A “retomada da retomada”, como Manevy se referiu, foi bem representada na Mostra pela homenagem à dupla mineiro-baiana Ary Rosa e Glenda Nicácio, da produtora Rosza Filmes. Ary relembrou que, na época em que entrou na faculdade de cinema na cidade de Cachoeira (BA), ampliaram demandas não só a quem tinha vontade de fazer filmes, mas a quem assistia – uma demanda de público. “Deve ter sido uma das coisas mais sensíveis que o governo federal (do período) percebeu que o e fez decidir levar faculdades para o interior do país”, comentou o roteirista e diretor.
Ter se deslocado para estudar em Cachoeira o conectou não só ao próprio fazer cinematográfico, mas a um senso local de comunidade que manteve ele e Glenda na cidade mesmo depois de formados. “Não parecia fazer sentido a gente se formar e ir trabalhar no Rio ou em São Paulo. A escolha mais importante da nossa vida foi mesmo continuar no Recôncavo, algo que revolucionou a nossa forma de pensar os projetos que queríamos fazer”.
“O cinema que a gente faz foi aprendido no Recôncavo e, se tivéssemos nos formado em outro lugar, é claro que nossos filmes seriam muito diferentes”, comentou Glenda Nicácio. “Nossa prática passa pelo cinema educação, pelas oficinas de formação, por uma prática de criação que vai para as ruas, passa pelas interações, pelas histórias que ouvimos. Nossos pactos estão dentro da comunidade e fazemos filmes para Cachoeira e com Cachoeira”. Trabalhando com baixos orçamentos e um grupo criativo constante, entre atores, atrizes e técnicos, Ary e Glenda dizem ser movidos pela vontade constante de fazer filmes dentro das possibilidades que lhes surgem em termos de tamanho dos projetos. “Eu não quero fazer filmes fingindo que tenho dinheiro, eu faço filmes que mostram que eu não tenho dinheiro”, disse Ary.

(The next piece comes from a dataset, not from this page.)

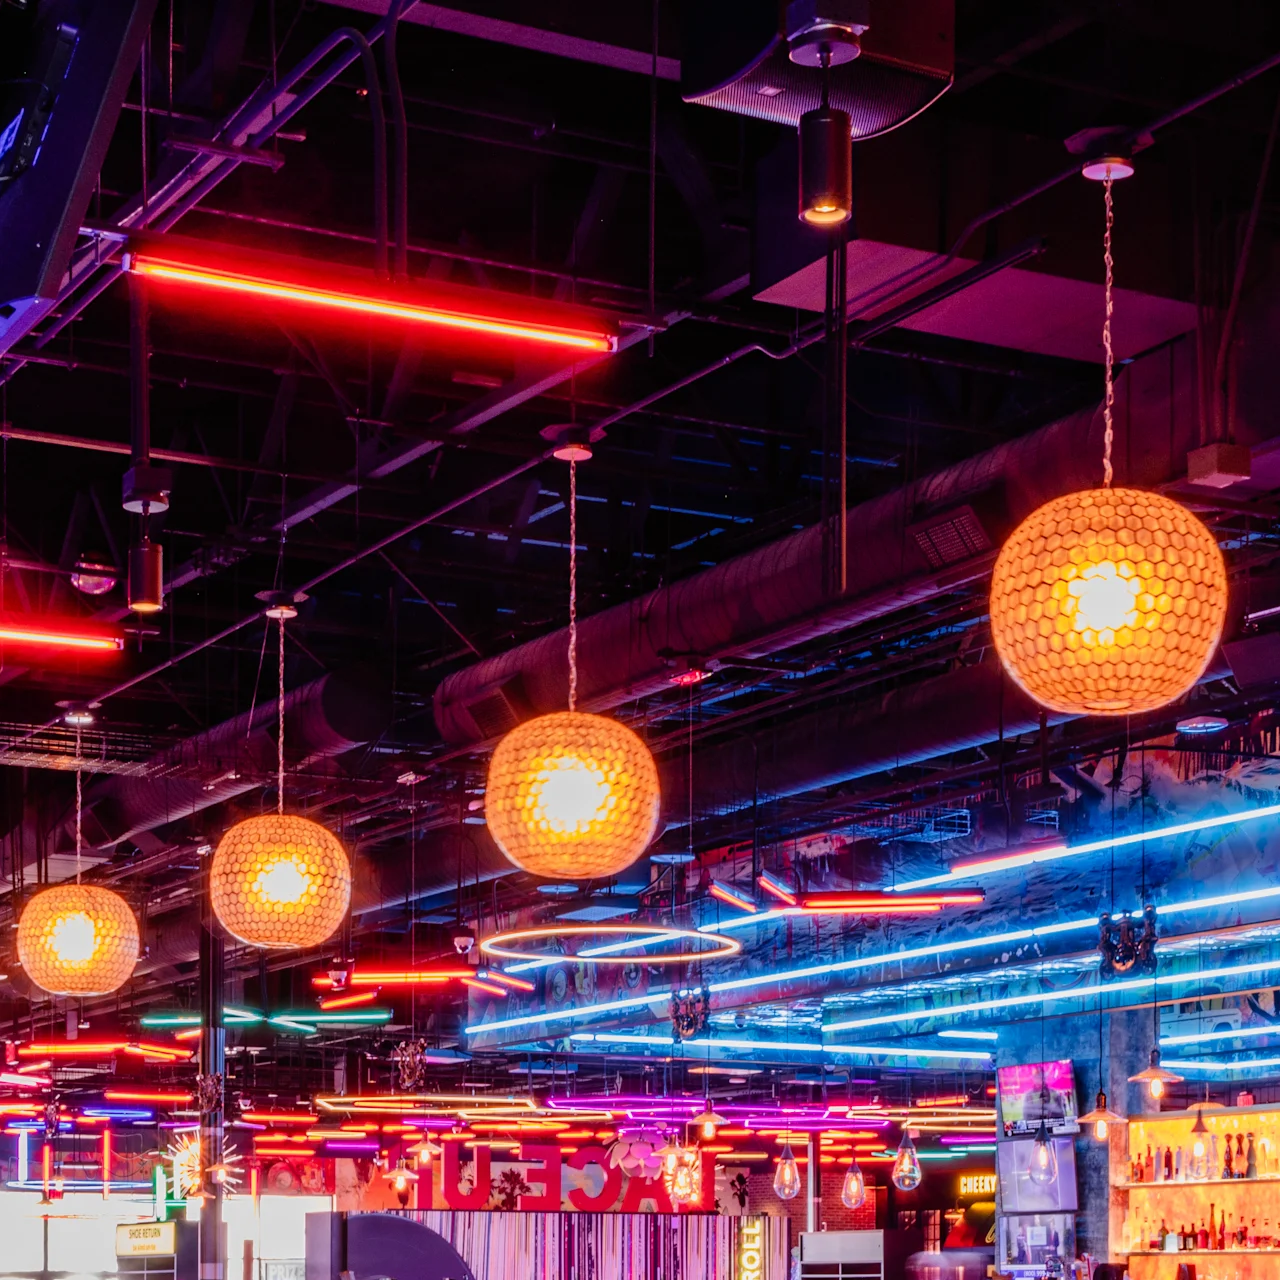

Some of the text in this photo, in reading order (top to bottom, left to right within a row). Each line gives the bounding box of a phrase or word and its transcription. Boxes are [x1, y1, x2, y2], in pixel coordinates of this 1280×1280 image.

[960, 1175, 996, 1194] CHEEKY
[128, 1227, 161, 1239] SHOE RETURN
[269, 1262, 306, 1280] PRIZE

A presença da dupla foi o estopim de discussões importantes durante a Mostra, especialmente sobre o momento que vive a produção brasileira em termos estéticos, econômicos e políticos. A começar pela rápida e intensa passagem da ministra Carmen Lúcia, do Supremo Tribunal Federal, que fez uma fala exaltativa da importância da cultura. “A arte faz a gente transformar o mundo através da nossa dignificação. Já na Declaração dos Direitos do Homem e do Cidadão, feita depois da Segunda Guerra Mundial, estão lá artigos que garantem o direito de todos de produzir e ter acesso a criação artística”, disse a ministra.

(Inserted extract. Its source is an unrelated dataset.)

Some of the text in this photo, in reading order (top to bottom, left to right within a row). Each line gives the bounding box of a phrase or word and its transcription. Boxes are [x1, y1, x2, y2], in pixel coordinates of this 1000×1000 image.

“O objetivo de um mutirão é coletivo para que as pessoas possam usufruir de um determinado território construído com esse objetivo”: assim resumiu a pesquisadora Carla Maia, ao falar sobre a temática de 2023. Os trabalhos em coletividade que resvalam na criação de obras em conjunto – várias delas em exibição no evento – foram intensamente discutidos, desde as formas como a precariedade obriga artistas a criarem formas alternativas de expressão até algumas posturas éticas de lidar com as dificuldades como uma maneira incontornável de fazer filmes num país subdesenvolvido. “O coletivo é diferente da reunião, do agrupamento. Não é só estar junto, e sim unir pessoas diversas por desejos que também incluem dissonâncias e diferenças”, disse Carla.

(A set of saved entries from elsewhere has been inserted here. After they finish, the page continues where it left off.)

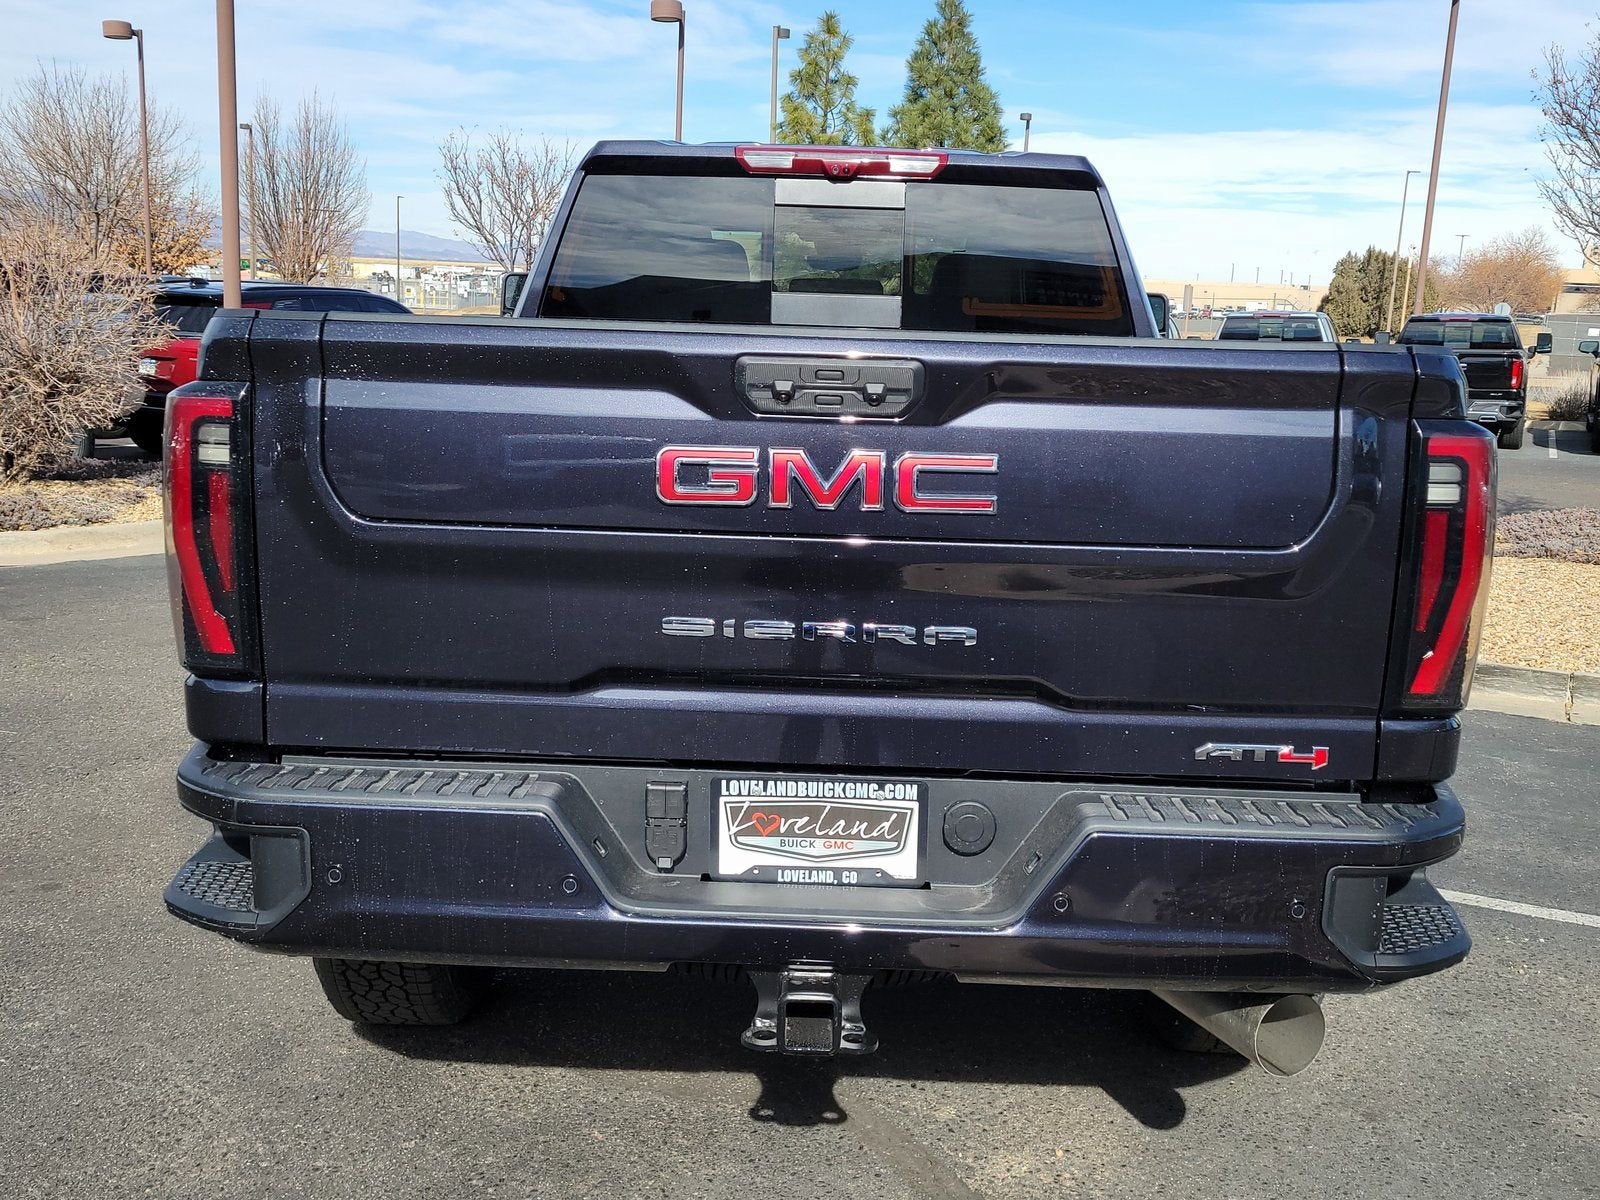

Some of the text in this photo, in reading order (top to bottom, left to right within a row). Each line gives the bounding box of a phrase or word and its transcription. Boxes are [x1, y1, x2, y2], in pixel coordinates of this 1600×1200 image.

[656, 445, 999, 515] GMC
[661, 616, 978, 647] SIERRA
[1195, 742, 1330, 770] AT4
[721, 779, 918, 800] LOVELANDBUICKGMCCOM
[779, 838, 854, 850] BUICK GMC
[777, 869, 857, 884] LOVELAND, CO
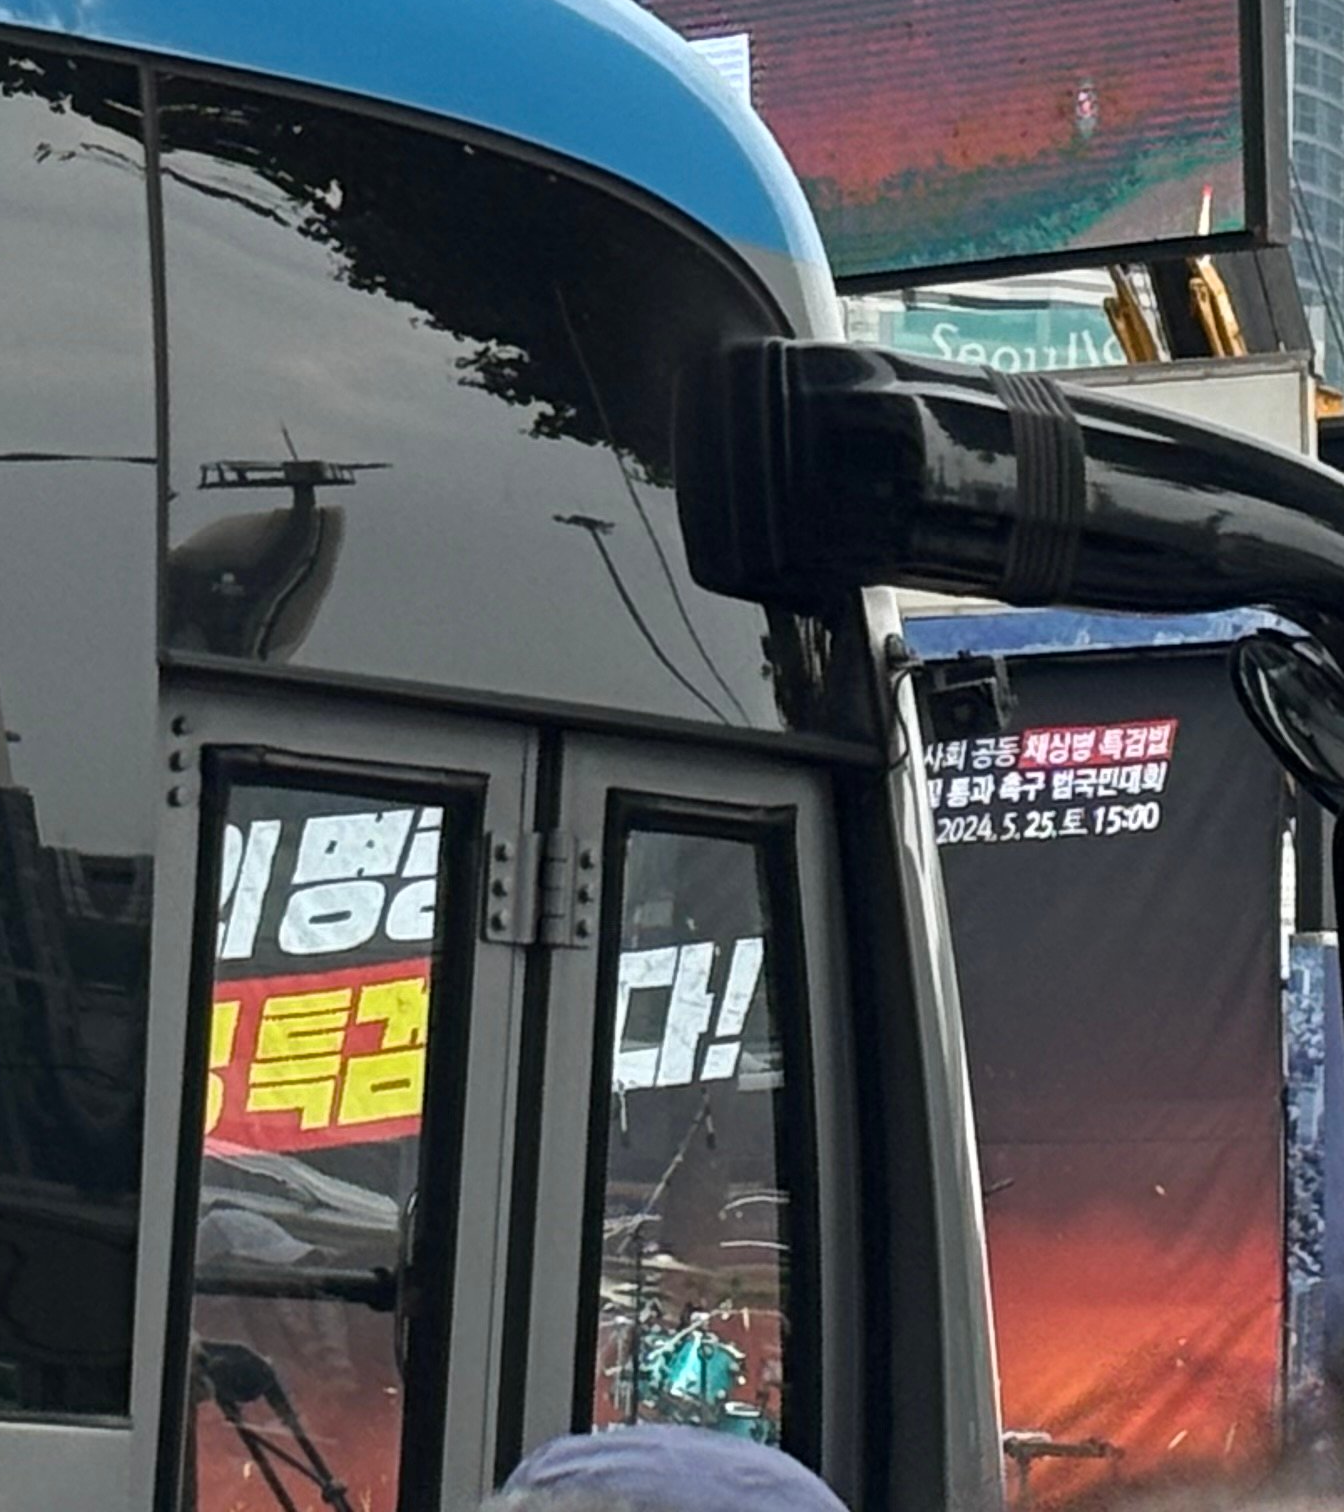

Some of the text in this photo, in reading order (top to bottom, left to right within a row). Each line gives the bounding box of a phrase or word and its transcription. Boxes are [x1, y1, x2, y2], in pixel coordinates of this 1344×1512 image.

[971, 735, 1022, 769] 공동
[947, 773, 996, 809] 통과
[1051, 760, 1169, 802] 범국민대회

Ficou bastante evidente nas conversas da Mostra esse ano que o cinema – ou a sala convencional de exibição, mais precisamente – não tem como ser a única janela para a quantidade e variedade de formas como o audiovisual se manifesta no país, incluindo expressividades de artistas vindos de áreas como música, visuais, cênicas e outras. A multi-artista Saskia, na Mostra para exibir o média-metragem “Caixa Preta”, chamou de “cinema arrastão” o que ela crê ser necessário para provocar a realização de conteúdos fora dos padrões estabelecidos pela indústria. A cineclubista Anne Santos completa: “Eu amo a sala de cinema, mas outros espaços não precisam ser excludentes dela, eles devem somar, trazer a coletividade como um território, sem hierarquias”.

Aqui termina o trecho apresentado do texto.